A pope is elected. From Universi Domenici Gregis (John Paul II, 22 February 1996): "87. When the ELECTION has canonically taken place the junior Cardinal Deacon summons into the hall of ELECTION the Secretary of the College of Cardinals and the Master of Papal Liturgical Celebrations. The Cardinal Dean, or the Cardinal who is first in order and seniority, in the name of the whole College of electors, then asks the consent of the one elected in the following words:

Do you accept your canonical ELECTION as Supreme Pontiff?

(emphasis mine)

A pope's pontificate is inaugurated. Same source "92. After the solemn ceremony of the INAUGURATION of the Pontificate and within an appropriate time, the Pope will take possession of the Patriarchal Archbasilica of the Lateran, according to the prescribed ritual."

The Promulgation coup de grace: "As determined above, I hereby declare abrogated all Constitutions and Orders issued in this regard by the Roman Pontiffs, and at the same time I declare completely null and void anything done by any person, whatever his authority, knowingly or unknowingly, in any way contrary to this Constitution."

Unknown said...

Last I checked, I didn't deny that an election took place, did I? No.

Last I checked, I didn't deny that an inauguration took place, did I? No.

I said they were imprecise terms. Last I checked Universi Domenici Gregis wasn't infallible. It is merely a disciplinary document which, by it's own promulgation, can be changed.

It isn't like John Paul II was the most precise Pope, philosophically, doctrinally, or liturgically. In my view, the only really good thing that he did in his pontificate was to reaffirm that women cannot be ordained. Outside of that...not too much to write home about. Sorry, if that offends you. I am entitled to my opinion.

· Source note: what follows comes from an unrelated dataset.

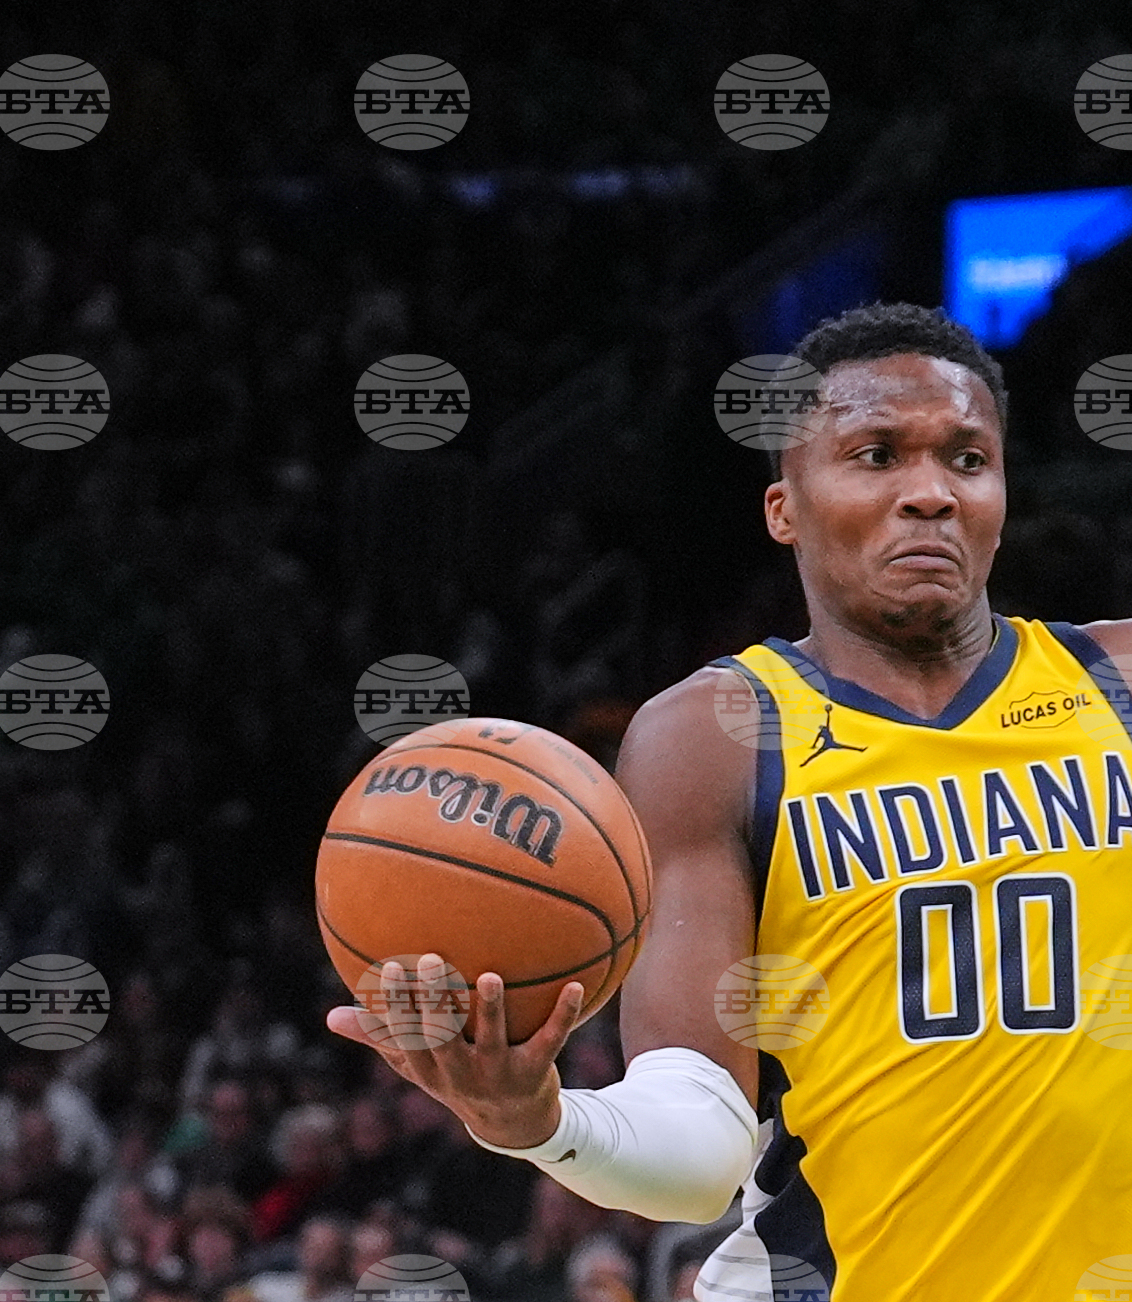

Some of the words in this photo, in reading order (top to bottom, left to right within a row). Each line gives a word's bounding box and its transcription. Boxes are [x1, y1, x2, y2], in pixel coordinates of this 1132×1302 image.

[1001, 701, 1057, 728] LUCAS
[1063, 692, 1092, 711] OIL
[364, 765, 564, 868] Wilson
[896, 872, 1081, 1046] 00

Fr. Kavanaugh, I have said it before, I am not interested in conversing with you. Please do me the courtesy of ignoring my posts. Thank you for your consideration.

Pater Ignotus said...

Andy - No, I will not "do you the courtesy" of ignoring your posts. If you post in a public forum, expecting that no one will disagree with your or correct your errors, you are living in a fantasy world.

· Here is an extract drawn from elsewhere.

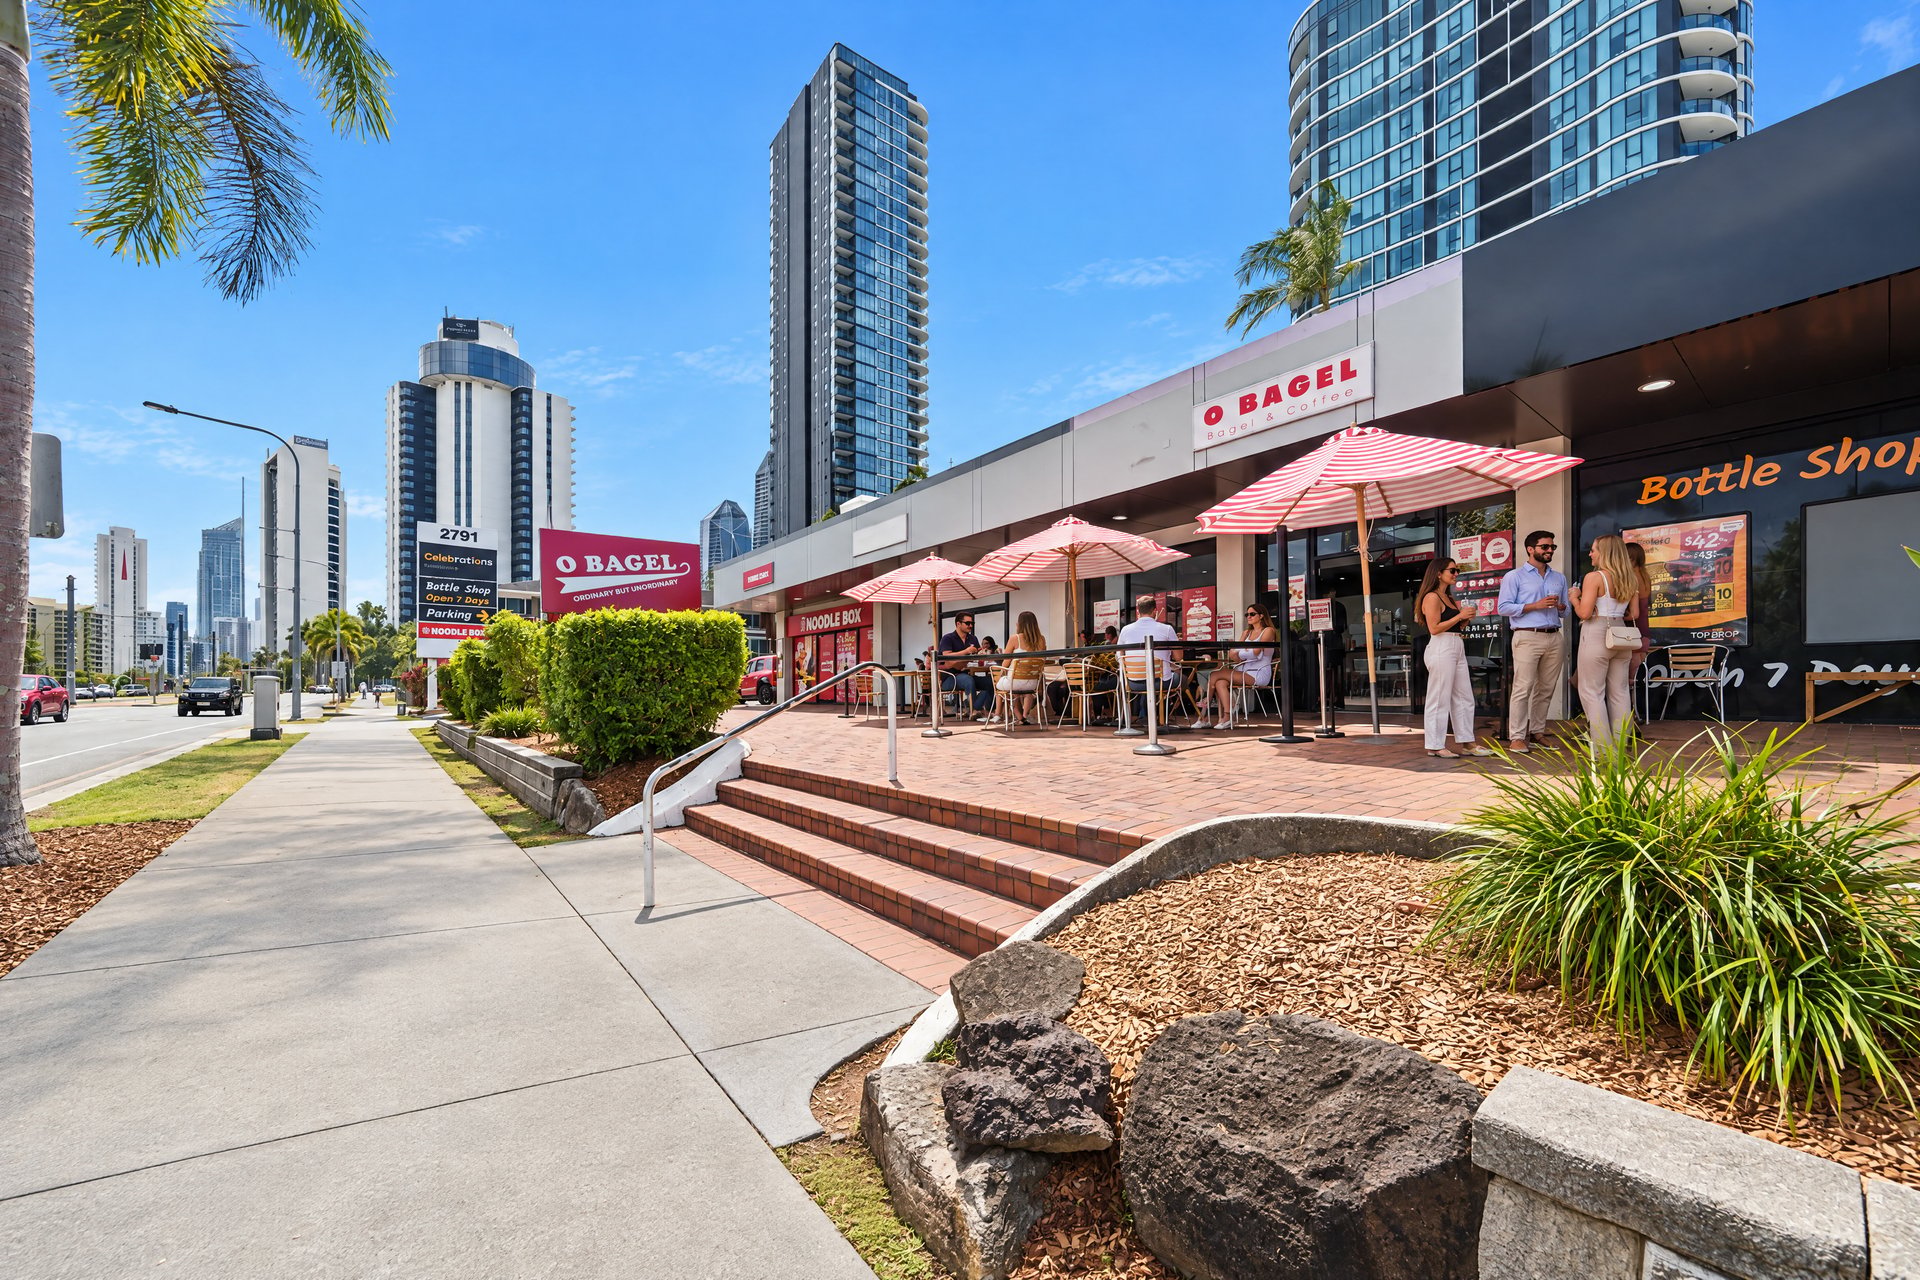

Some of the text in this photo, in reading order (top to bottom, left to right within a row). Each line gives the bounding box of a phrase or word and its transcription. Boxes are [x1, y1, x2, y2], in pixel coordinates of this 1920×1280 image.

And "last I checked" I did not assert that Universi Dominici Gregis was infallible, did I? No.

However - and it is a BIG however - it is the authoritative word on papal elections and inaugurations.

I will note that Summorum Pontificum is also NOT an infallible teaching. So, if you can set aside UDG because IT isn't infallible.... What's sauce for the goose is sauce for the gander!

Unknown said...

Ya know, Father Kavanaugh....

I had a really long response typed in. What I am going to do instead is this.

I am going to apologize to you. It is Lent and I am changing habits for the season. I refuse to compromise my charity and yours any further.

Please accept my apology and if you respond to me, I will respond to you in a non-snarky and condescending way.

Rather than asking for your prayers for me, I will ask that you join me specifically (in spirit) as I pray for the election of a worthy successor to Pope Benedict XVI.

Thank you.

Marc said...

If only there were an infallible listing of the infallible teachings...

Unknown said...


If there were an infallible listing of the infallible teachings, then it would have to be an infallible statement from the Holy Father who would be speaking infallibly. But would he be speaking infallibly de fide credenda or would he be speaking infallibly de fide tenenda? Because when it comes to infallibility, the pontiff and/or sacred magisterium, infalliblity can be the rule of the day, no?